SQL is very seductive. Simple SQL statements seem to read like English-language requests for information from a database. After all, almost anyone can figure out the intent of a simple SQL request such as this one that asks for the September sales of each of our products:
Select Product_Description, Sum(dollars)
-- all the columns in the final output
>From Product, Time, Sales
-- the tables needed in the query
Where Sales.Product_key = Product.Product_key
-- joining the Sales table to the Product table
And Sales.Time_key = Time.Time_key
-- joining the Sales table to the Time table
And Time.Month = 'September, 1997'
-- the "application" constraint
Group by Product_Description
-- the row header in the final output
Unfortunately, in most cases a more ambitious business request begins to make the SQL complex to write and read. For too long, query tool vendors did not venture far beyond the safe havens of simple SQL requests, like our example. In the early days, most query tools automated the construction of simple SQL requests, sometimes even showing the SQL clauses as they were being built. Only in the past two or three years have query tool vendors tackled how to issue the complex SQL needed for serious business questions. Some vendors, such as Speedware Corp. Inc., Business Objects Inc., and Brio Technology Inc. have deepened their tools by allowing the user to construct embedded subqueries. Some of these vendors as well as vendors such as MicroStrategy Inc. and Sagent Technology Inc. have also implemented multipass SQL where complex requests are broken into many separate queries whose results are combined after the database has completed processing all of them.
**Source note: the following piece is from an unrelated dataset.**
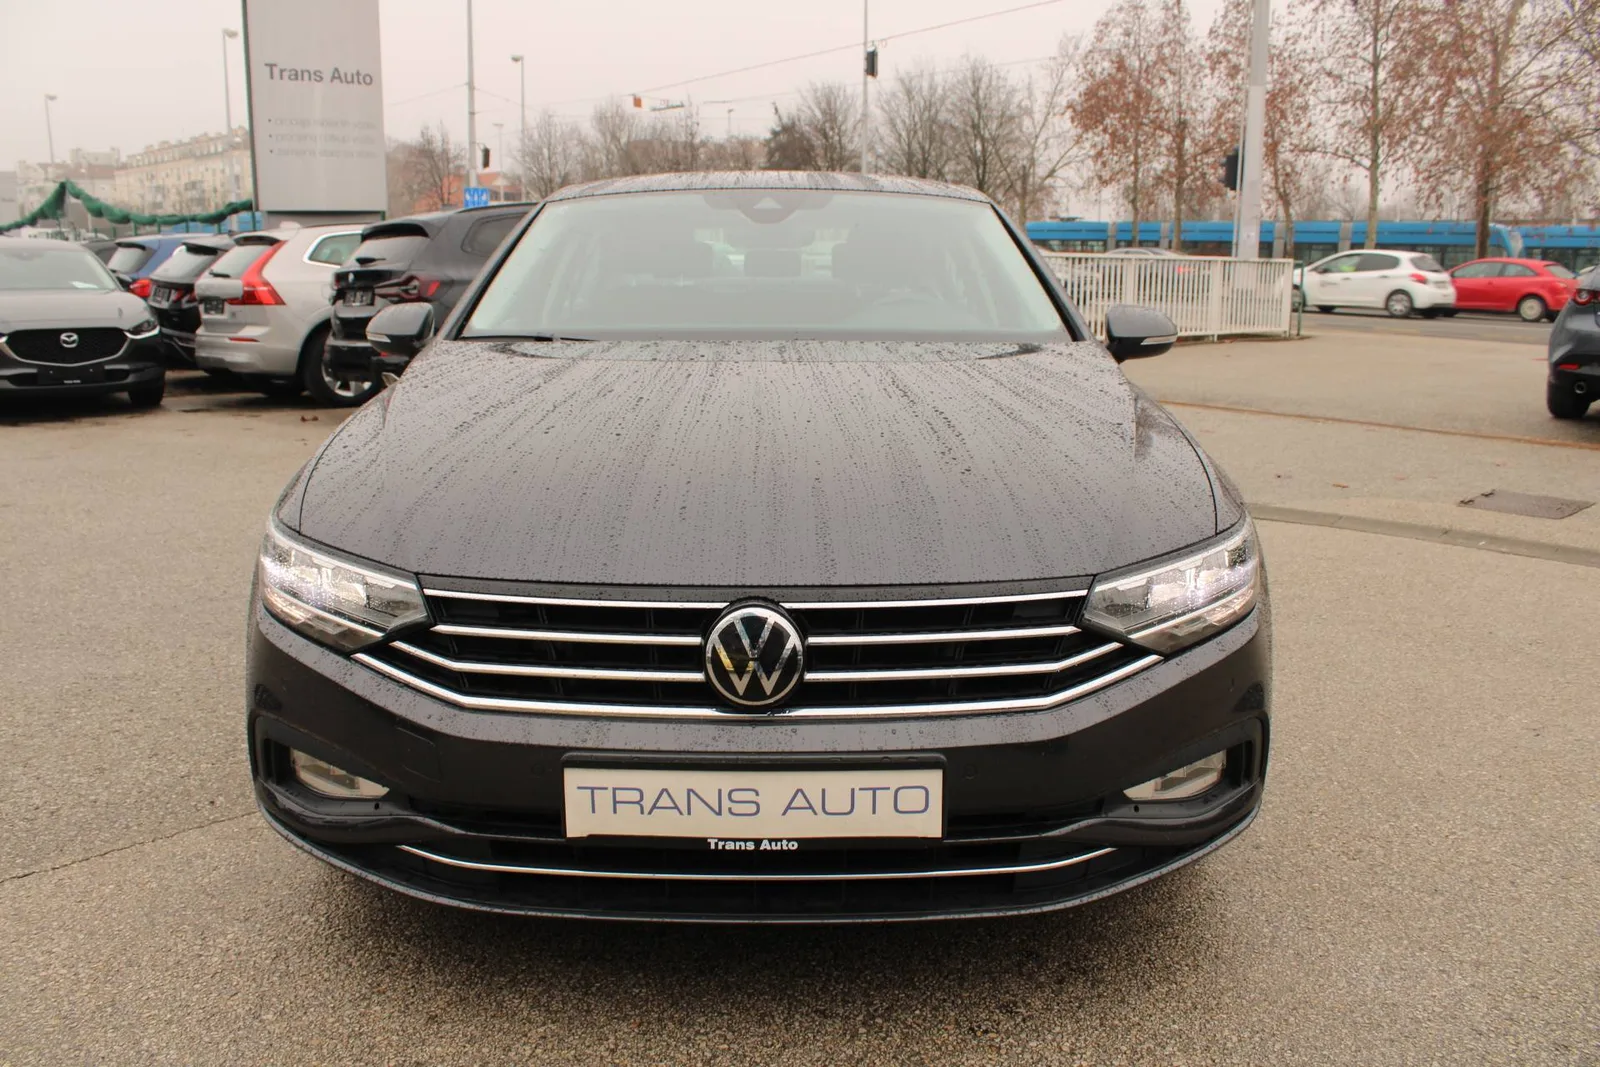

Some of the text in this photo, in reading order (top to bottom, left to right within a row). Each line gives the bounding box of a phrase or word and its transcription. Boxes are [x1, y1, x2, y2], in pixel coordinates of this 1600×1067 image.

Are these approaches sufficient? Are we able to pose all the business questions we want? Are there some business results that beg to be recognized but are trapped in the database because we just can't "speak" clearly enough? Should the SQL language committee give us more power to ask difficult business questions, and could the database vendors implement these language extensions, all before the next millenium? (Only 935 days from the creation of this article!)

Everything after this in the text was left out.